[Exercise directions] What is needed is an exact copy of the data below, pictures excluded.

[Records from a data source]
++++

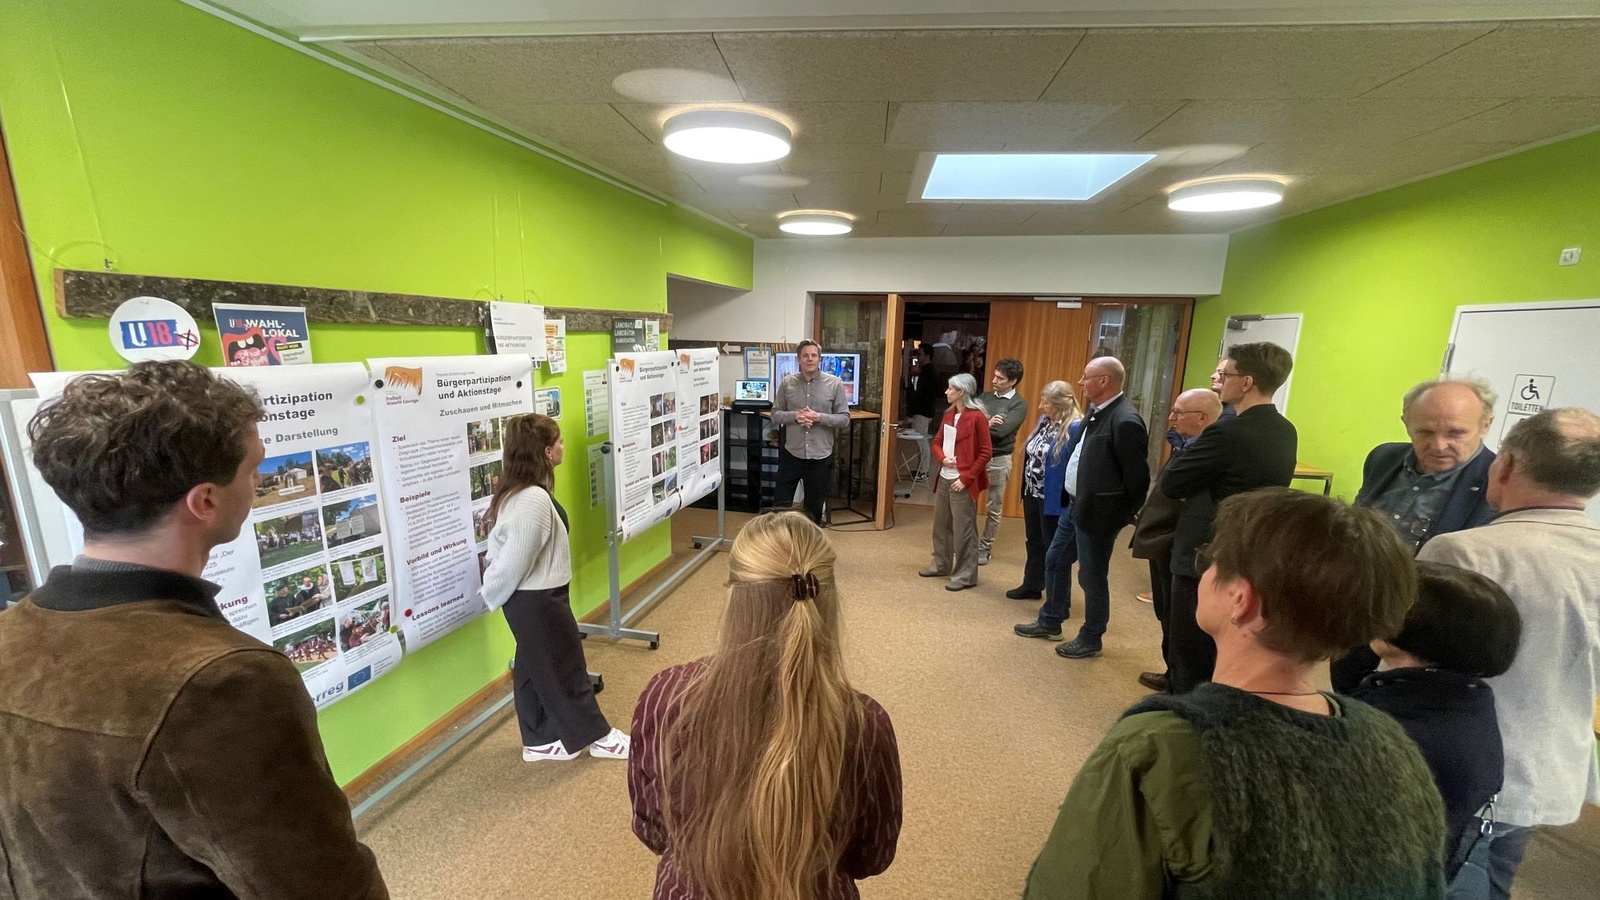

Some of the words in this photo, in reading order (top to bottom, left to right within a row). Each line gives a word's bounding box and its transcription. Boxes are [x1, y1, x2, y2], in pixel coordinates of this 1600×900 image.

[245, 318, 286, 328] WAHL-
[128, 321, 173, 347] U18
[262, 328, 300, 338] LOKAL
[437, 374, 512, 389] Bürgerpartizipation
[438, 390, 455, 400] und
[457, 386, 502, 399] Aktionstage
[440, 406, 478, 417] Zuschauen
[479, 402, 491, 411] und
[491, 398, 523, 409] Mitmachen
[1510, 402, 1545, 413] TOILETTEN
[275, 427, 339, 443] Darstellung
[392, 434, 406, 443] Ziel
[400, 490, 431, 503] Beispiele
[407, 551, 430, 566] Vorbild
[430, 546, 442, 556] und
[442, 538, 467, 551] Wirkung
[219, 596, 249, 610] kung
[412, 604, 440, 621] Lessons
[440, 592, 464, 608] learned

++++

[Response box]
Some of the words in this photo, in reading order (top to bottom, left to right within a row). Each line gives a word's bounding box and its transcription. Boxes are [x1, y1, x2, y2], in pixel coordinates of this 1600×900 image.

[245, 318, 286, 328] WAHL-
[128, 321, 173, 347] U18
[262, 328, 300, 338] LOKAL
[437, 374, 512, 389] Bürgerpartizipation
[438, 390, 455, 400] und
[457, 386, 502, 399] Aktionstage
[440, 406, 478, 417] Zuschauen
[479, 402, 491, 411] und
[491, 398, 523, 409] Mitmachen
[1510, 402, 1545, 413] TOILETTEN
[275, 427, 339, 443] Darstellung
[392, 434, 406, 443] Ziel
[400, 490, 431, 503] Beispiele
[407, 551, 430, 566] Vorbild
[430, 546, 442, 556] und
[442, 538, 467, 551] Wirkung
[219, 596, 249, 610] kung
[412, 604, 440, 621] Lessons
[440, 592, 464, 608] learned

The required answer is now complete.